Welcome! What would you like to do today? Stephen talks in a bulleted list. Deposit. Withdrawal. Account Information. Favourite Transaction. Or press CANCEL to go back.

"That tie," Elsie says, reaching out to touch it on the screen. It's patterned in bank colours to match the suit.

Withdrawal, Nicholas presses.

What would you like to withdraw? $20. $50. $100. $200. $300. Other.

Other.

Please enter the amount you wish to withdraw, or press CANCEL to go back.

Nothing, Nicholas tries, 6684464, but he can't put that many numbers in. 968, you.

I'm sorry, Stephen says, and it's the same apologetic stance as before, You must select a multiple of ten (other than $10 or $30).

Nicholas settles for a hundred dollars and a receipt, and Stephen switches position again, Your request is being processed, and again, hands on hips, head tilted quizzically. In the market for a new home? Our interest rate is lower than any other major bank in Australia.

Elsie laughs. "Karen's got to him," she says. "Next year he'll be telling you to take the garbage out, and wouldn't some new curtains be good for the lounge, and isn't it time you started to think about children?"
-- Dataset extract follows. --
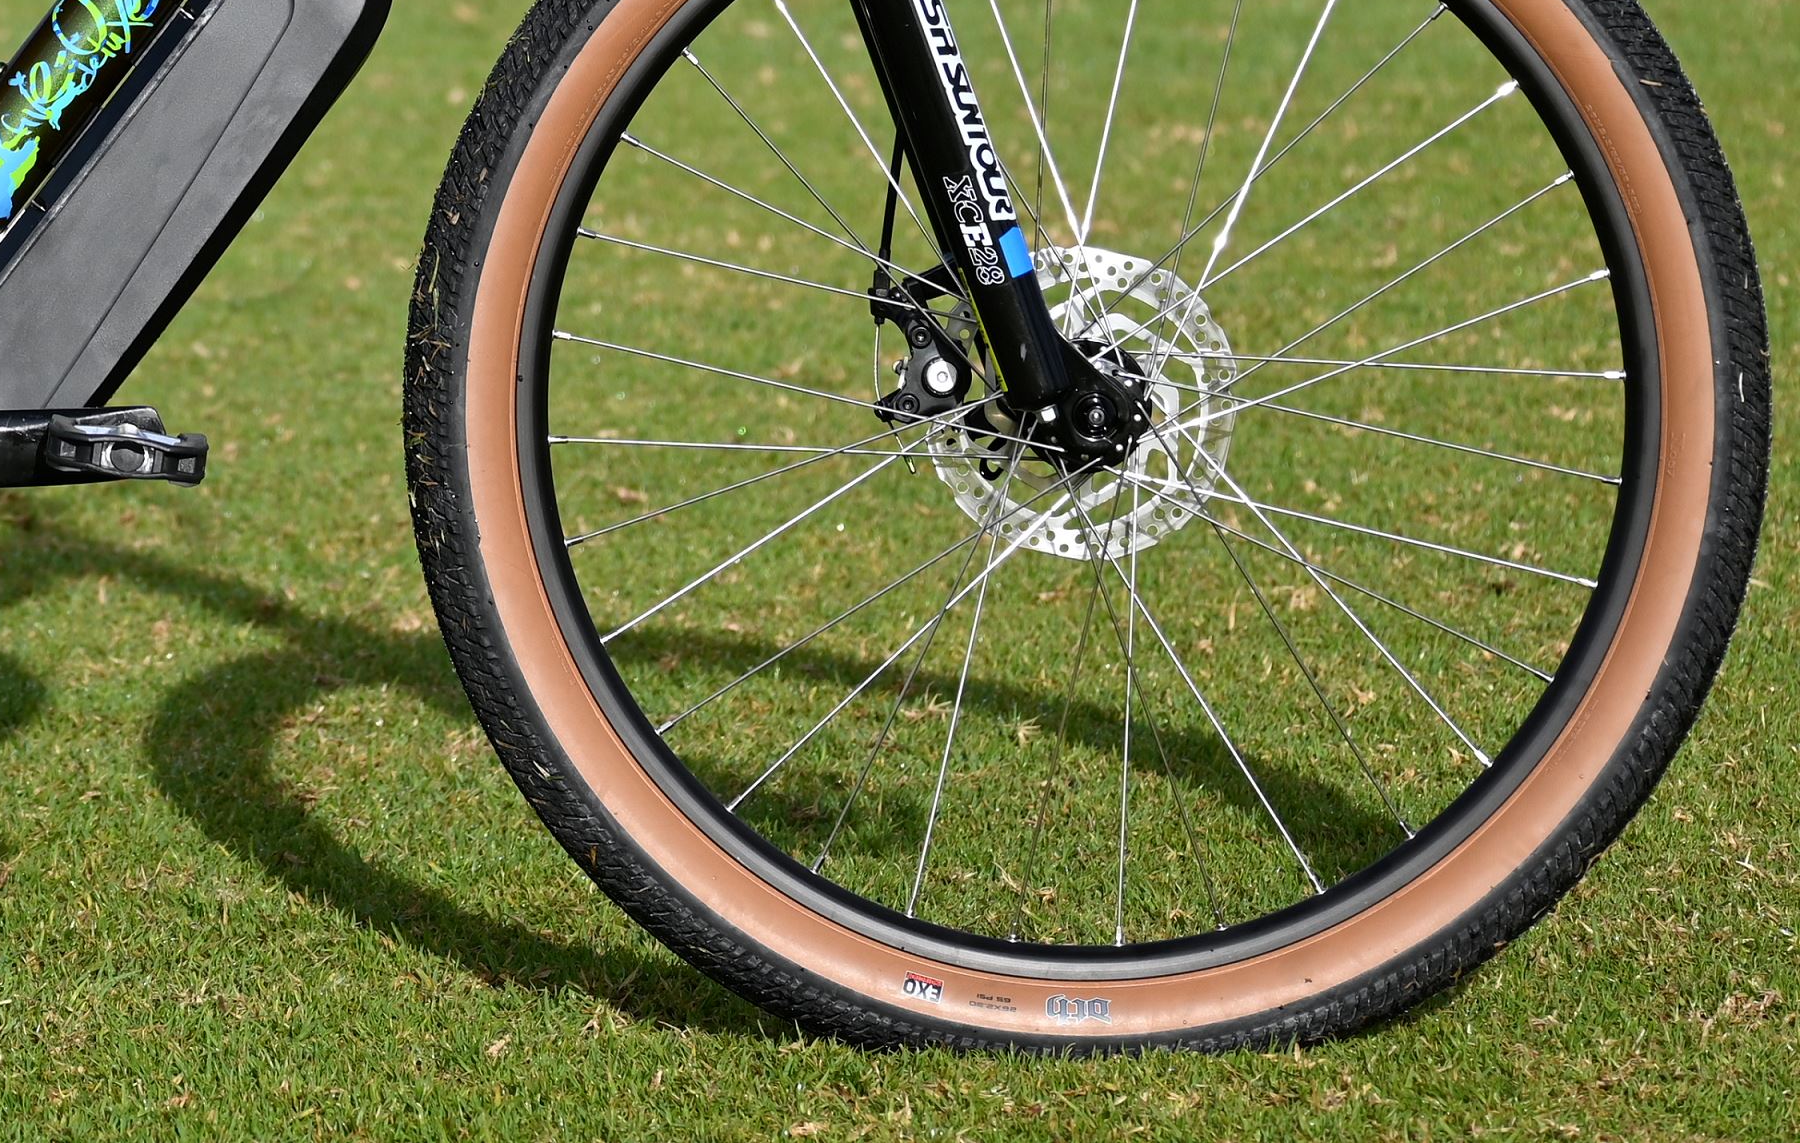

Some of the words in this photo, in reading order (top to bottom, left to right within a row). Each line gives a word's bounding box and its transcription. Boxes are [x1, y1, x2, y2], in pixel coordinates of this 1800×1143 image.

[943, 60, 1015, 219] SUNTOUR
[943, 174, 1005, 286] XCE28
[902, 977, 942, 1002] EXO
Stephen slides into the final pose, the one they recognise, the only one that doesn't look like him playing up for the cameras: quiet head-tilting, not quite a smile. Remember to remove all bills, and your receipt! Thankyou for banking with us, the speech bubble says, but the expression says yes, you, I remember you, hello.

Nicholas pulls the receipt free and crumples it into his pocket without looking. The screen fades back to the start. There's a lull in the traffic behind them.

"I didn't think about it much this year," Elsie says. She picks a shred of petal from her bundle of petunia leaves, and lays it by the keypad. It's wet and dark and crumpled.

"No," Nicholas says. He presses CANCEL, go back, go back, but nothing happens: it's four years later, still, and there's nothing left except an annual lunch, and some fading memories of a car on wet roads, and some artificial dialogue that never ends with goodbye.